I hunted for other such articles (I would have thought Sim would have been lousy with them) but, apparently, no.
posted by Sparx at 2:23 PM on July 30, 2007


The lettering on Sandman really stood out. It definitely is an underrated part of the comics process -- the lettering on so many comics these days is so nondescript and often clashes with the organic artwork.

The coloring on Sandman, however... yeeech!
posted by ScottMorris at 2:29 PM on July 30, 2007


It was good to see Fables at that site--they've done some wonderful things with lettering and type--esp the specials like 1001 nights of snowfall...
posted by amberglow at 2:33 PM on July 30, 2007


this too--League of Extraordinary Gentlemen
posted by amberglow at 2:36 PM on July 30, 2007


It's weird that comics still separate lettering from regular layout and design.
posted by amberglow at 2:36 PM on July 30, 2007


I don't know that comics as an industry separates them - there are lettering awards for example. But it's quite the unacknowledged art amongst, well, most people - possibly because when it's done adequately it's invisible, and when it's done well, it emphasises the artistic impression, but doesn't stand out on its own.
posted by Sparx at 2:42 PM on July 30, 2007


well, aren't the comics the only industry that has separate Letterers still? (and Colorers/Inkers, etc...)
posted by amberglow at 2:49 PM on July 30, 2007


Not being in the graphic arts, I couldn't tell you.
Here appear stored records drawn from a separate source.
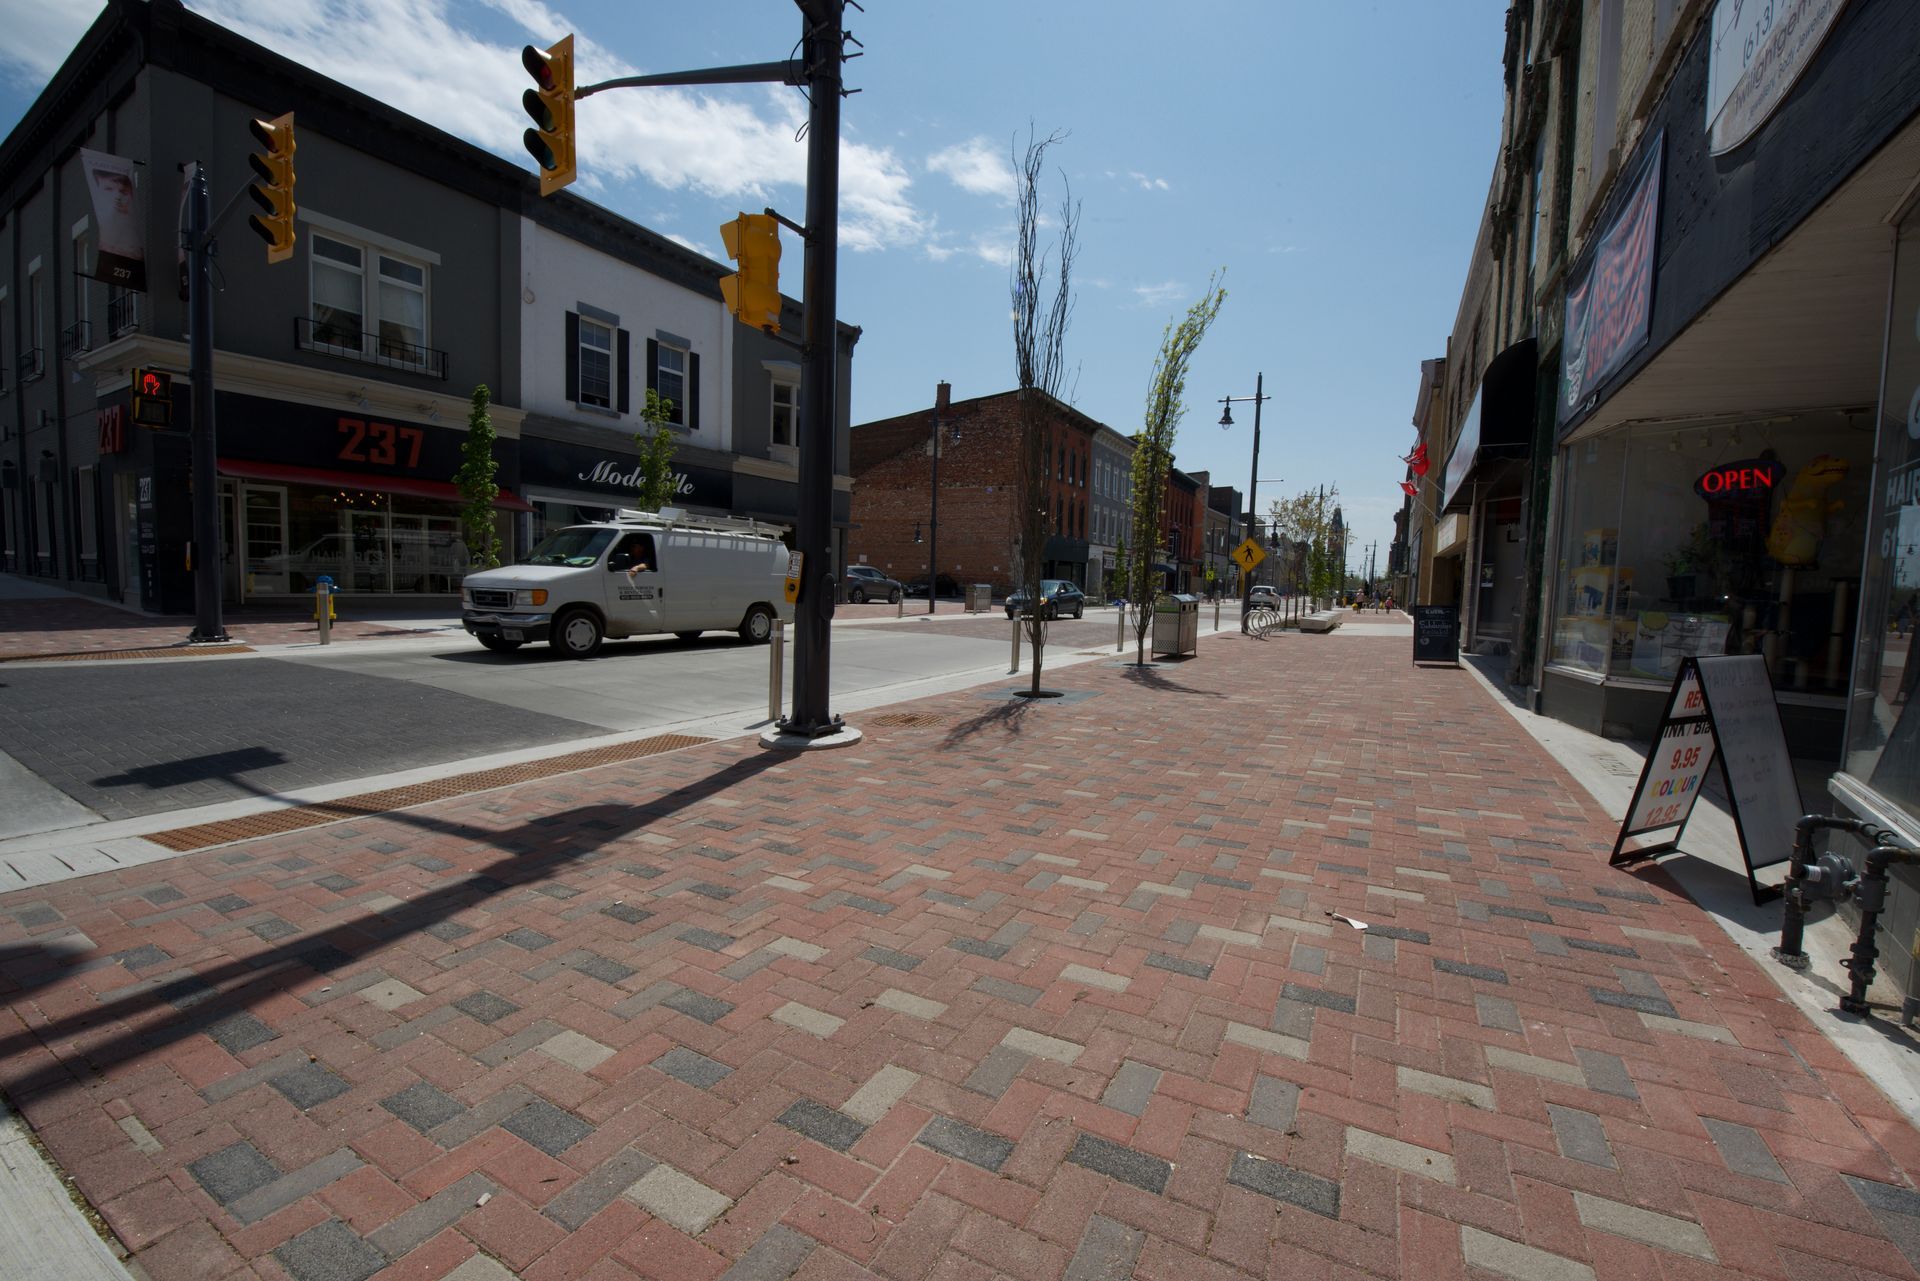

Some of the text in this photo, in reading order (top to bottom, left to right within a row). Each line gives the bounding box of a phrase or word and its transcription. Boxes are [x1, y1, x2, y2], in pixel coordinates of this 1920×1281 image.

[113, 266, 131, 281] 237
[97, 404, 122, 455] 237
[336, 417, 425, 469] 237
[578, 460, 648, 488] Mode
[1702, 466, 1773, 494] OPEN
[139, 477, 152, 502] 237
[1671, 746, 1702, 770] 9.95
[1650, 773, 1699, 798] COLOUR
[1643, 803, 1682, 828] 12.95
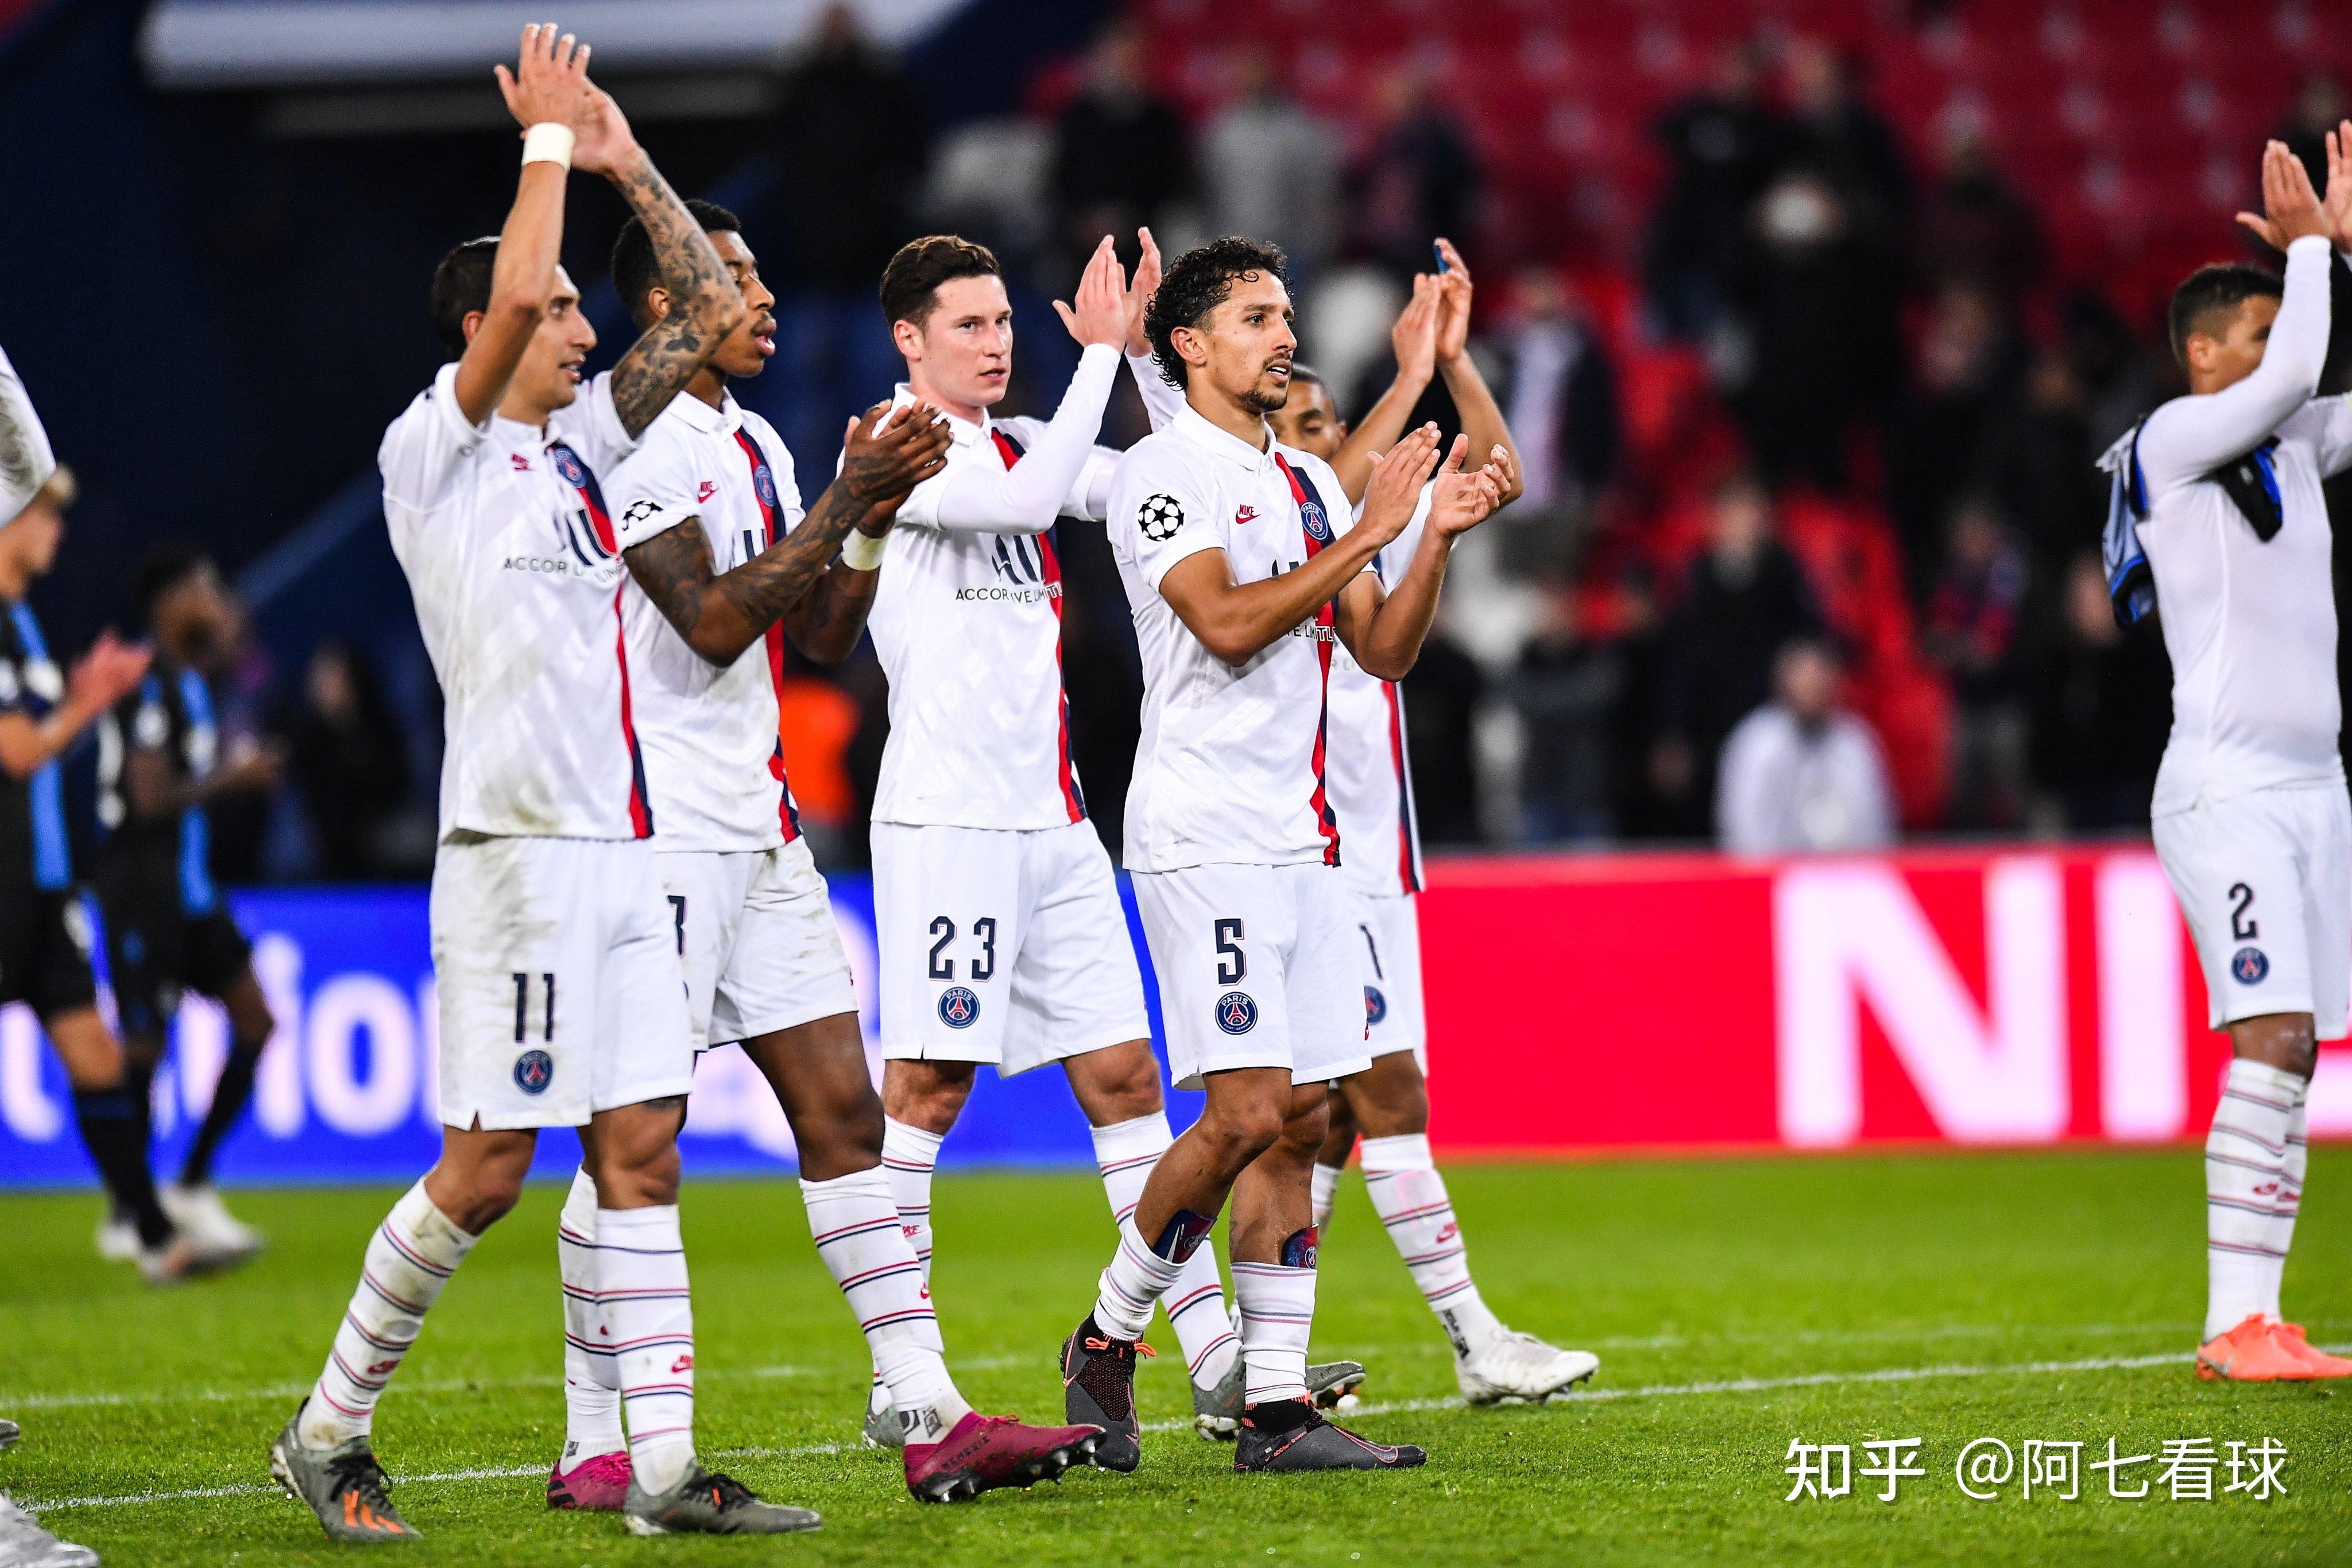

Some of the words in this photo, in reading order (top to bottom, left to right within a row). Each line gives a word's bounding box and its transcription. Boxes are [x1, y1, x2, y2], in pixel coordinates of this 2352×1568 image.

[1239, 504, 1255, 517] NIKE
[1302, 504, 1320, 514] PARIS
[503, 557, 567, 574] ACCOR
[956, 588, 1009, 601] ACCOR
[1011, 591, 1032, 603] IVE
[2228, 882, 2259, 942] 2
[928, 915, 997, 982] 23
[1214, 918, 1247, 987] 5
[946, 990, 972, 1001] PARIS
[1221, 995, 1248, 1006] PARIS
[1773, 860, 2187, 1143] NI
[513, 972, 555, 1043] 11
But I'm sure MC Fontalot has an exceptionally rhythmic opinion.
posted by Sparx at 2:54 PM on July 30, 2007


Nice article. As he says nonstandard lettering is something that can very easily be over done, but in the case of Sandman it worked out really well and added a lot of character.
posted by Artw at 2:57 PM on July 30, 2007


Irony of unreadable font/background combination on website noted only in small text out of deference to the man's excellent work.
posted by cortex at 2:59 PM on July 30, 2007 [3 favorites]


well, aren't the comics the only industry that has separate Letterers still?

What other industries would? It's definitely a talent. Having downloaded/ dug through a lot of old comics and indie comics from the '80s, bad lettering is almost as off-putting as bad art. It seems weird, but the crappy block letters artists tend to use make comics look amateurish.
posted by yerfatma at 3:07 PM on July 30, 2007


Good point, Mr Cortex, now you mention it. Mostly because of intrusive background design. Black and yellow is usually fairly distinctive, if a trifle abrupt, but with the orange tiled speech balloons - not of the excessively readable. The rest of the site goes for simpler colour schemes.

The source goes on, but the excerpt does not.